The Leeds Autism Diagnostic Service (LADS) is an all IQ service accepting professional and self-referrals, from age 18, for diagnostic assessment. LADS is unusual compared to other diagnostic services in England, in that it accepts self-referrals. The purpose of this paper is to compare diagnostic outcome between self-referrals and other referral sources.
This is a service evaluation of all 692 referrals for diagnostic assessment into LADS, over a three year period, from 2016 to 2018. The diagnostic outcomes were compared between self-referrals and other referral sources. Secondary analysis looked at age and gender differences between these groups.
There were 98 self-referrals over three years with autism diagnosed in 65 per cent. In total, 594 other referrals were received during this time period, with autism diagnosed in 44 per cent. This showed a significant difference of 21 per cent with 95% confidence intervals of 10–31 per cent ( p=0.0001) using a n−1 χ 2 test. In total, 59 per cent of self-referrals were from patients identifying as female, which compared to 35 per cent identifying as female from other referrals. This was a difference of 24 per cent with 95% confidence interval of 14–34 per cent ( p<0.0001) on the n−1 χ 2 test.
Factors which may influence the ability to generalise from these results are: that LADS covers a large mainly urban and suburban area with a range of ethnic and socioeconomic diversity; that LADS is an all IQ service unlike some other autism diagnostic services; historical and service-related factors unique to Leeds may be dissimilar to other locations. It was beyond the scope of this evaluation to perform a qualitative analysis to compare the referral sources, but this may be an area for further study.
This evaluation supports the use of a self-referral route for adult autism diagnostic services on a local level and may support its use more widely in other services.

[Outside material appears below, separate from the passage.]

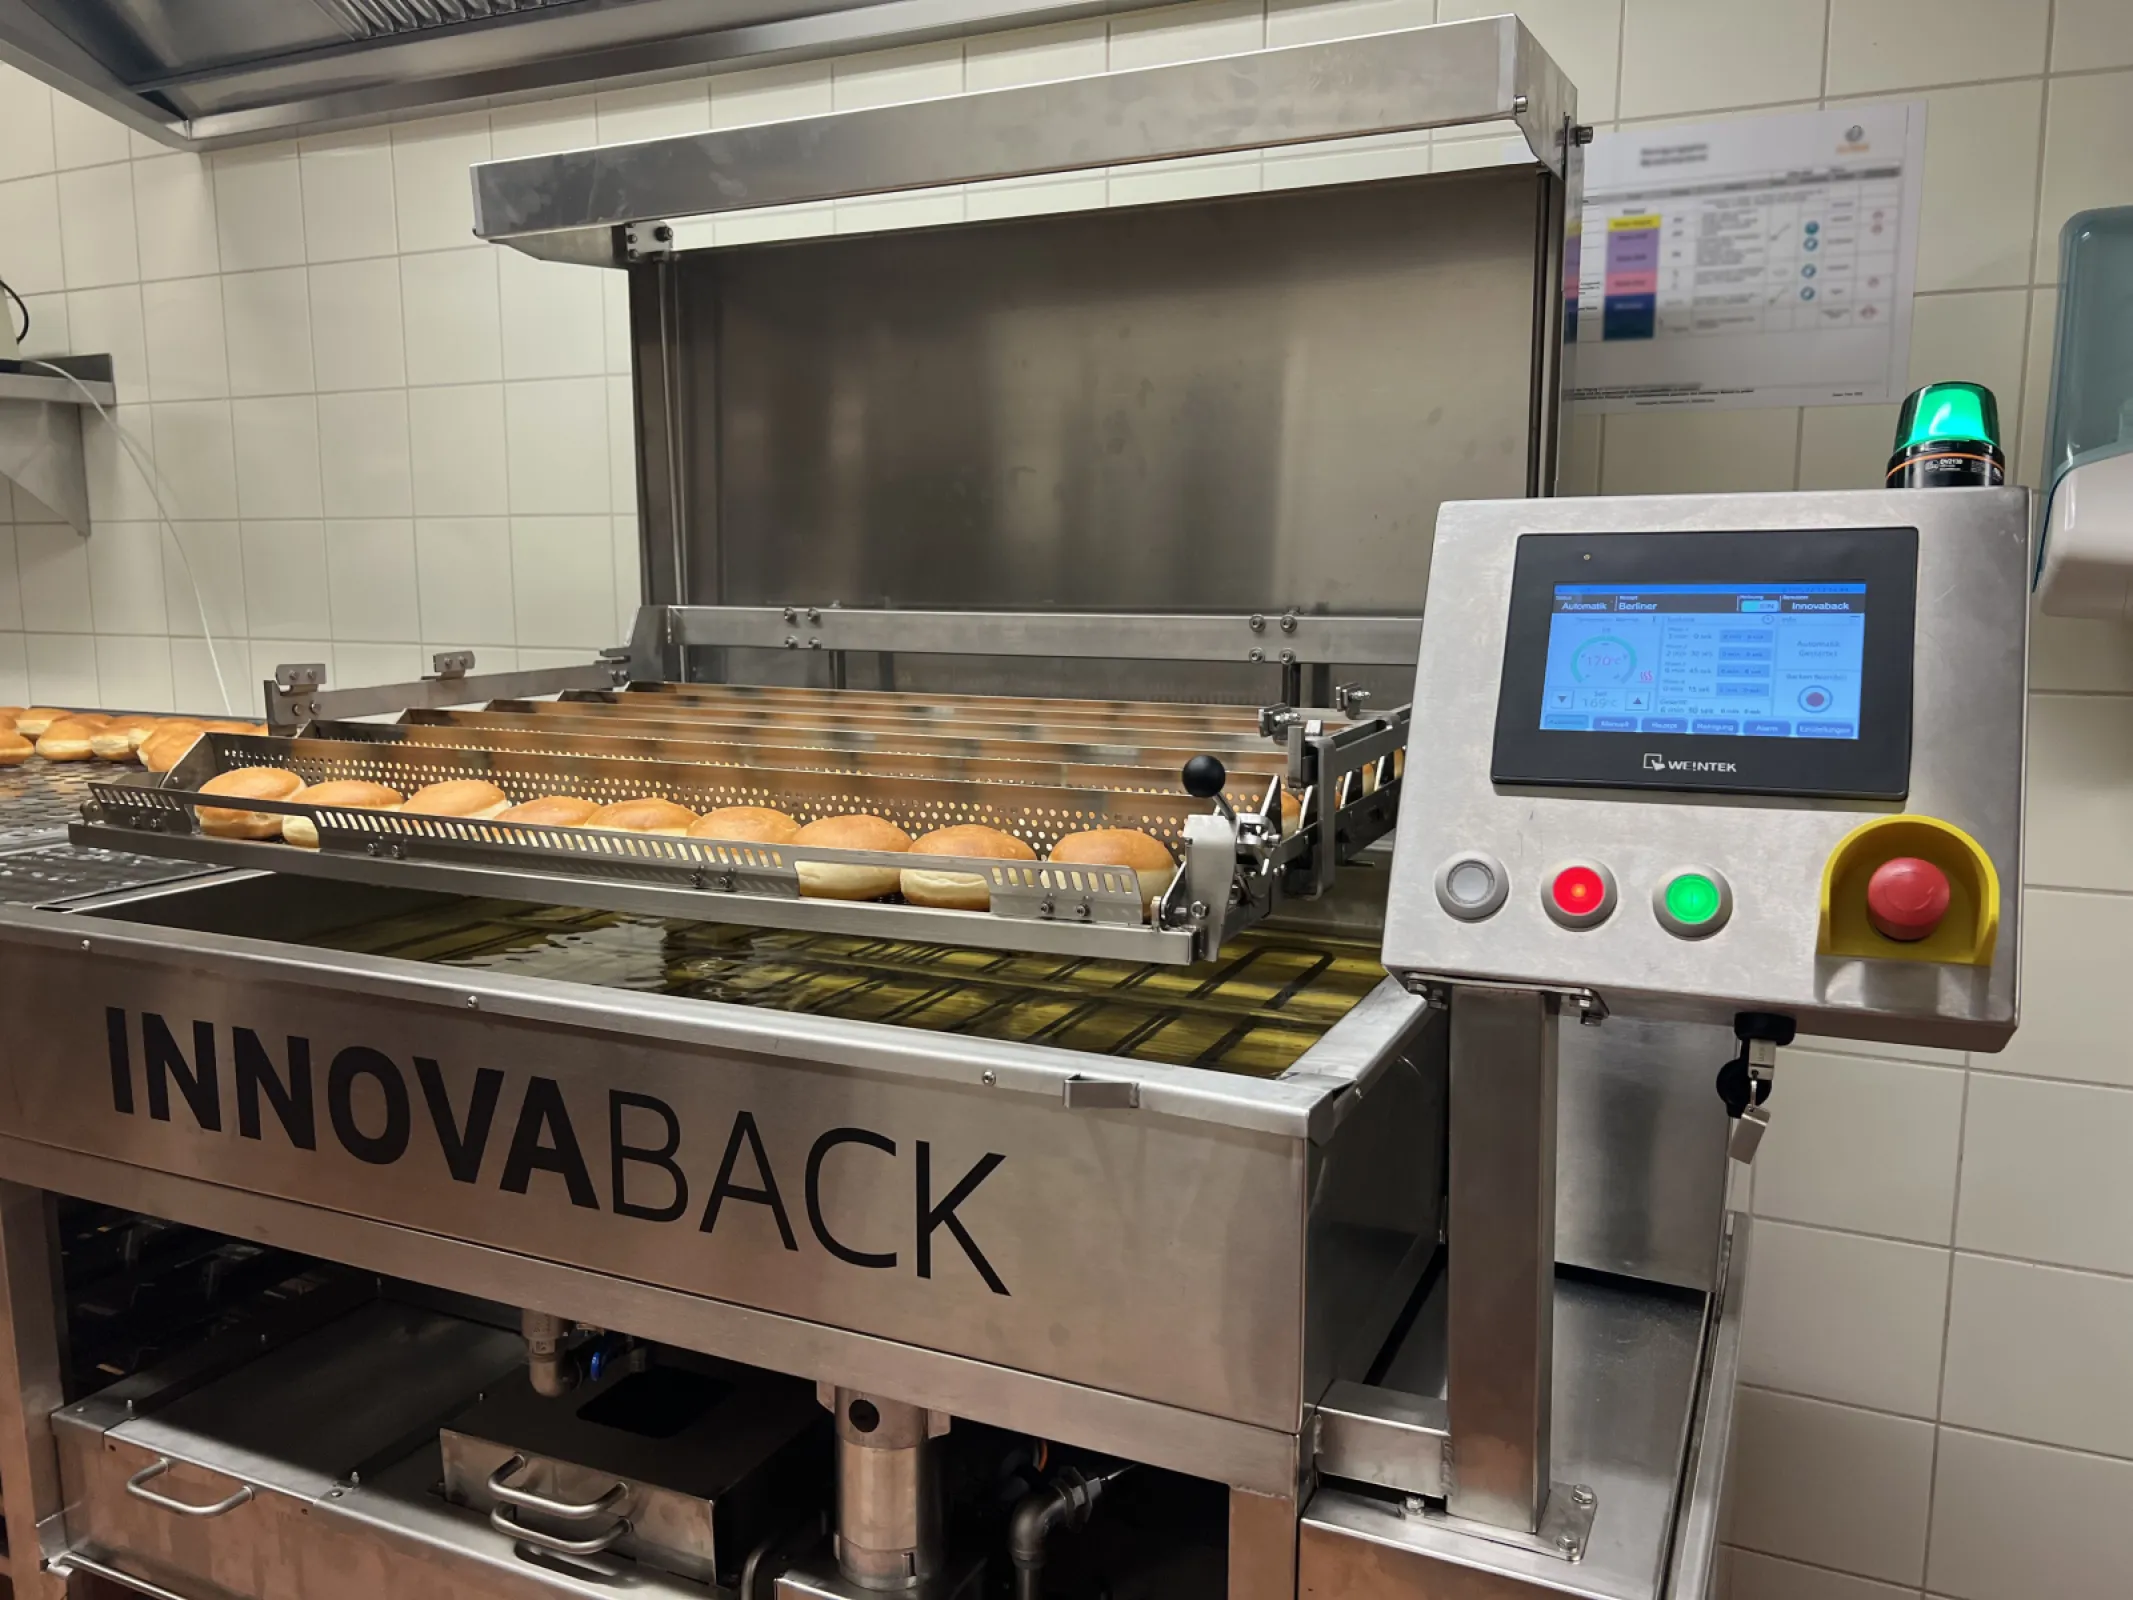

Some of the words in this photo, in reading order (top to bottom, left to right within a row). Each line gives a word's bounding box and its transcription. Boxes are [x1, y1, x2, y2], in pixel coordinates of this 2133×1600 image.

[1561, 602, 1607, 610] Automatik
[1619, 602, 1658, 610] Berliner
[1792, 602, 1850, 610] Innovaback
[105, 1006, 1011, 1297] INNOVABACK

This evaluation, in demonstrating proportionately significantly higher autism diagnosis from self-referrals is likely to be reducing the work load of professionals who would normally make referrals. Alternatively, it may be capturing a subgroup of the autism population who would not otherwise have sought diagnosis. In either scenario, it supports and is consistent with a patient centred approach to accessing appropriate diagnostic services.